I didn’t see as much of Carolyn or Raspberry Ridge after that trial weekend. Carolyn saw herding trials as important yard­sticks of training progress, especially for working dogs, but I didn’t like trialing, and I don’t think Orson did, either. He tensed up when he saw gates and fences and crowds of anx­ious people with dogs by their sides. Name change or not, he knew potential trouble when he saw it.
Besides, trials can sometimes inject an unappealing ele­ment into the relationship between human and dog. People like me tend not to simply enjoy the experience; we want to win. When we lose–sure to happen eventually–how can our disappointment and frustration not be apparent, espe­cially to dogs, who read us skillfully?
I liked Carolyn’s ideas about positive-reinforcement train­ing, yet I was growing increasingly resistant to particular philosophies for training dogs. No single idea seemed appro­priate for Orson and me. My own frailties kept me from being positive and patient enough, for example. Yet I was cu­rious about the process. I was coming to have my own train­ing approaches and wanted to explore them on my own.

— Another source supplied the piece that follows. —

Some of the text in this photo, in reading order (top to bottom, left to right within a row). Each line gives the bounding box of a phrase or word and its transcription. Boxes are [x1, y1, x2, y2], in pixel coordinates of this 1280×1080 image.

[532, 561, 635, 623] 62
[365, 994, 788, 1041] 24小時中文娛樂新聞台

Besides, I’d been bitten by another bug, once I realized how much I loved working on Carolyn’s farm. I owned a tiny cabin in upstate New York and was hearing a great deal about the dairy farmers going under all around. Real estate in Washington County was still remarkably affordable. Why not pursue my ideas up there, on my own farm, with my own sheep, battered truck, fences, barns, and dogs?
I came up with several reasons why I should get my own small farm. Our cabin was too small for Paula to work in, with little space for my daughter or her friends. The property, with just two steeply sloping acres, was too small for sheep, too. And the cabin was geographically so cut off from the nearby town that I hardly knew anyone around me. I hadn’t found lasting community in New Jersey or most of the other places we’d lived, but I still hoped for it. Perhaps up there.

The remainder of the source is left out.